Forcément, il y a des répercussions pour le conjoint. "Elle ronfle, elle bouge la nuit, elle chante, elle parle.  Une fois qu'elle a une petite contrariété, c'est l'enfer parce que je prends des coups de pied.  Les seuls moments où je commence à bien dormir, c'est quand elle se lève du lit. Et pendant la journée, fatalement, elle est plus irascible" explique Eugène Close.

Une personne sur deux est concernée

Une personne sur deux rencontre des difficultés pour dormir.  Il faut être conscient des conséquences médicales.  Le Dr Julien Fanielle, neurologue et responsable du Centre des Troubles du Sommeil au CHU de Liège, explique: "Les conséquences sont l'irritabilité, des troubles de l'humeur, mais on peut aller aussi beaucoup plus loin dans les conséquences avec des problèmes cardiaques, des problèmes allant même jusqu'à l'accident vasculaire cérébral pour certaines pathologies". 
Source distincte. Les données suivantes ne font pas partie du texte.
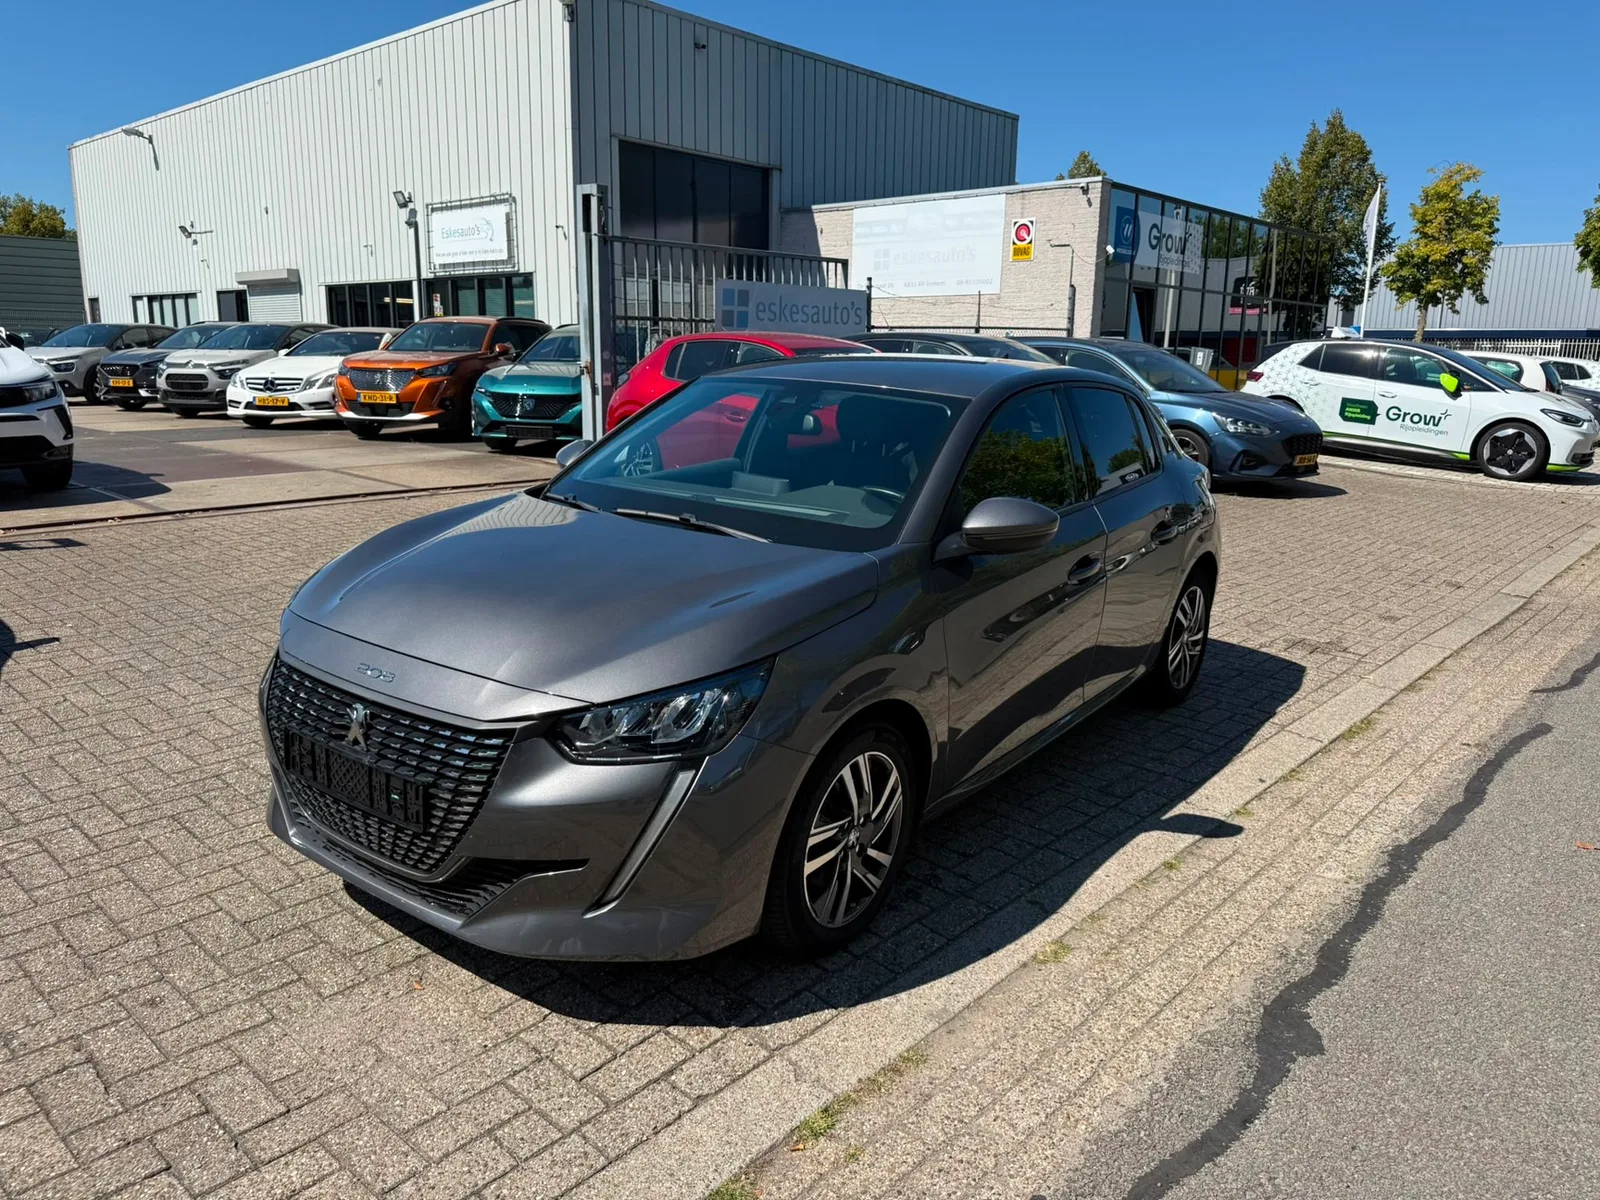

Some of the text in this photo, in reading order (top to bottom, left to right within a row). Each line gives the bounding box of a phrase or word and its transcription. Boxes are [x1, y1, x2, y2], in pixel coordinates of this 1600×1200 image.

[441, 225, 481, 239] Eskesauto's
[1013, 246, 1031, 257] BOVAG
[755, 294, 863, 326] eskesauto's
[1386, 406, 1442, 427] Grow
[1400, 423, 1449, 436] Rijopleidingen
[355, 662, 396, 683] 208
Ne pas attendre pour consulter

Les patients consultent tardivement, c'est un constat des médecins qui insistent sur la qualité de vie. "Souvent, les personnes pensent que c'est à cause d'une vie trop stressante, qu'il y a une activité au travail qui est débordante ...  Il y a toujours des excuses qui s'installent et finalement, quand on arrive à un stade où on ne sait plus compenser sa fatigue ou les répercussions du sommeil perturbées, à ce moment-là, on consulte mais c'est souvent un peu tard.  Il y a moyen de solutionner déjà plus tôt les problèmes" explique le Dr Julien Fanielle.
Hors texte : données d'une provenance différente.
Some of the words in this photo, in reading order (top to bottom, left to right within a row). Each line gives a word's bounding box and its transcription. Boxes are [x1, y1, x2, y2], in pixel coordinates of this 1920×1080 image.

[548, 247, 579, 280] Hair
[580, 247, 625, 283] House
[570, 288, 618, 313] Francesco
Eviter l'usage des écrans avant d'aller dormir

Les spécialistes du sommeil déconseillent l'usage des écrans avant d'aller dormir. "Tous les écrans, que ce soit ordinateur, tablette, smartphone ont un impact parce qu'ils dégagent de la lumière qui est nocive pour le sommeil.  Ça inhibe la sécrétion d'une certaine hormone, qu'on appelle mélatonine et qui est bonne pour le sommeil, donc ça retarde l'endormissement" précise le Dr Julien Fanielle.

Pour arriver à des résultats positifs, les médecins ont une approche multidisciplinaire.  Ils s'échangent les informations pour régler le problème dans les meilleurs délais.